Differences in the expression patterns of duplicate genes may contribute to evolutionary divergence of species. The expression patterns of 888 duplicate gene pairs from the common ancestor of the East Africa cichlids were categorized according to whether they are expressed widely among tissues (52.8%), are similarly restricted in their expression patterns for both gene copies (26.6%), or, in at least one gene copy, have newly gained expression in one or more tissues (20.6%). 7.5% of duplicates lost or gained complete tissue specificity, many (43%) of which have gained specific expression in the testis. In each of the stomatin and RNF141 gene pairs, one gene copy is broadly expressed whereas expression of the other is restricted to the testis (Extended Data Fig. 3d). RNF141 is the zebrafish orthologue of the human ZNF230, a transcription factor suggested to have a role during spermatogenesis. This observation is particularly interesting in the context of strong sexual selection14 observed in many East African cichlids15,16, including our sequenced species with the exception of N. brichardi.

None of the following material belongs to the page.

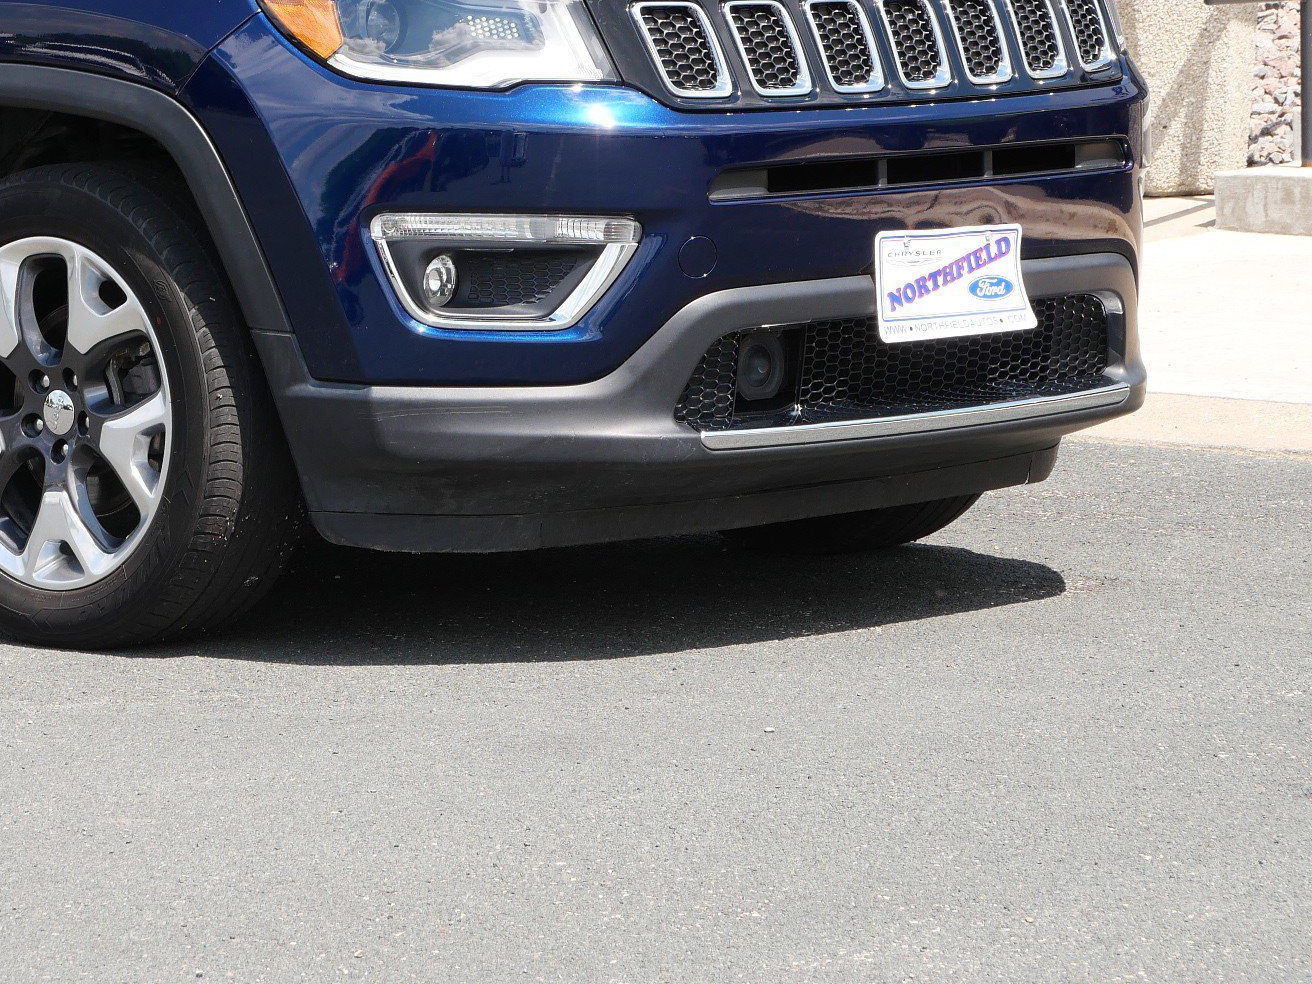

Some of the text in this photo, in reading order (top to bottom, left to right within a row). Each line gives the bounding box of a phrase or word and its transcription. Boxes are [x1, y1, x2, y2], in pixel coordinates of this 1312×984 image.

Transposable element insertions alter gene expression
As in other teleosts, approximately 16–19% of the four East African cichlid genomes consist of transposable elements (TEs), and over 60% of cichlid TEs are DNA transposons (Extended Data Fig. 5; Supplementary Information). Three waves of TE insertions were detected in each of the cichlid genomes (Extended Data Fig. 6a–f), including a cichlid-specific burst of the Tigger family27. Notably, this TE family has continued expanding in the youngest radiation, Lake Victoria (Extended Data Fig. 6a).
We analysed the distribution of TE insertions near the 5′ untranslated region (5′ UTR; 0–20 kilobases upstream), or 3′ UTR (0–20 kb downstream) of orthologous gene pairs. We find that genes with TE insertions near the 5′ UTRs are significantly associated with increased gene expression in all tissues (false discovery rate (FDR) < 0.05, Mann–Whitney test, Extended Data Fig. 7a) compared to genes without TE insertions. In contrast, TE insertions near 3′ UTRs are significantly associated with increased gene expression in all tissues except brain and skeletal muscle (FDR < 0.05, Mann–Whitney U-test).
Generally, when inserted within or near genes in the transcriptional sense orientation, TE insertions show the expected pattern of purifying selection. Such TEs often contain polyadenylation signals that result in transcriptional arrest27. In all five cichlid species, intronic TE insertions occur preferentially in the antisense orientation of protein-coding genes, with the strongest bias being observed for long terminal repeats (LTRs) or long interspersed nucleotide repetitive elements (LINEs) (Extended Data Fig. 7b). As expected, intronic DNA transposons and LINEs or LTRs present in intergenic regions fail to show a significant orientation bias, and short interspersed nucleotide repetitive elements (SINE) show a moderate bias for sense insertions (Extended Data Fig. 7c).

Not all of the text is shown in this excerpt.